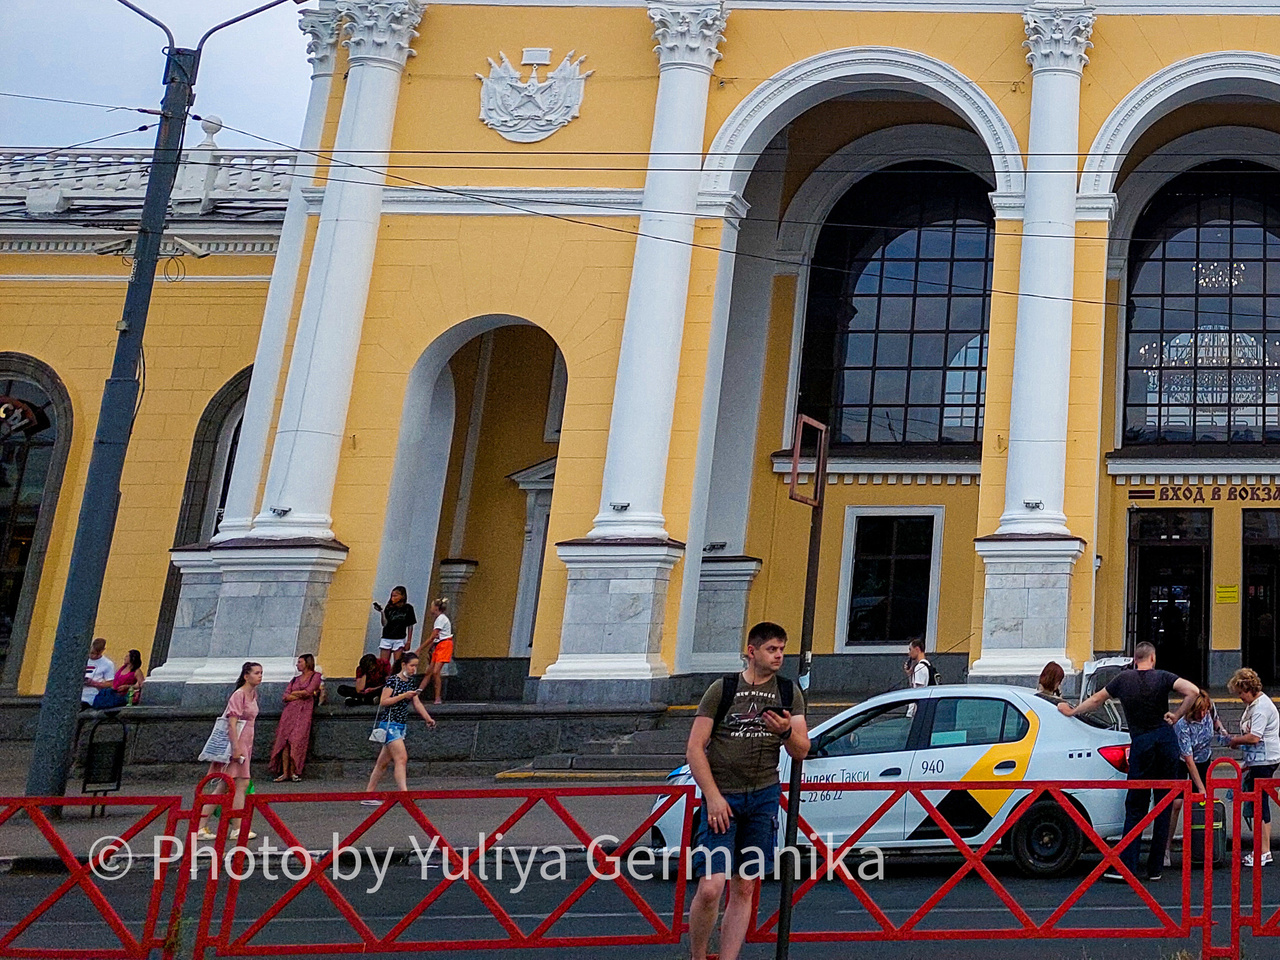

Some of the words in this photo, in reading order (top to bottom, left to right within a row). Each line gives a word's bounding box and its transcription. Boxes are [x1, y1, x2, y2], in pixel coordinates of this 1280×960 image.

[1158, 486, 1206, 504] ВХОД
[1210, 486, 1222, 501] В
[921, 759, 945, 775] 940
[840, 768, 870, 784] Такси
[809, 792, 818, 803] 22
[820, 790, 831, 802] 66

● ● ●

_Assigned task_
Set down the data above exactly as written. Omit the pictures.

_Solved exercise_
Some of the words in this photo, in reading order (top to bottom, left to right within a row). Each line gives a word's bounding box and its transcription. Boxes are [x1, y1, x2, y2], in pixel coordinates of this 1280×960 image.

[1158, 486, 1206, 504] ВХОД
[1210, 486, 1222, 501] В
[921, 759, 945, 775] 940
[840, 768, 870, 784] Такси
[809, 792, 818, 803] 22
[820, 790, 831, 802] 66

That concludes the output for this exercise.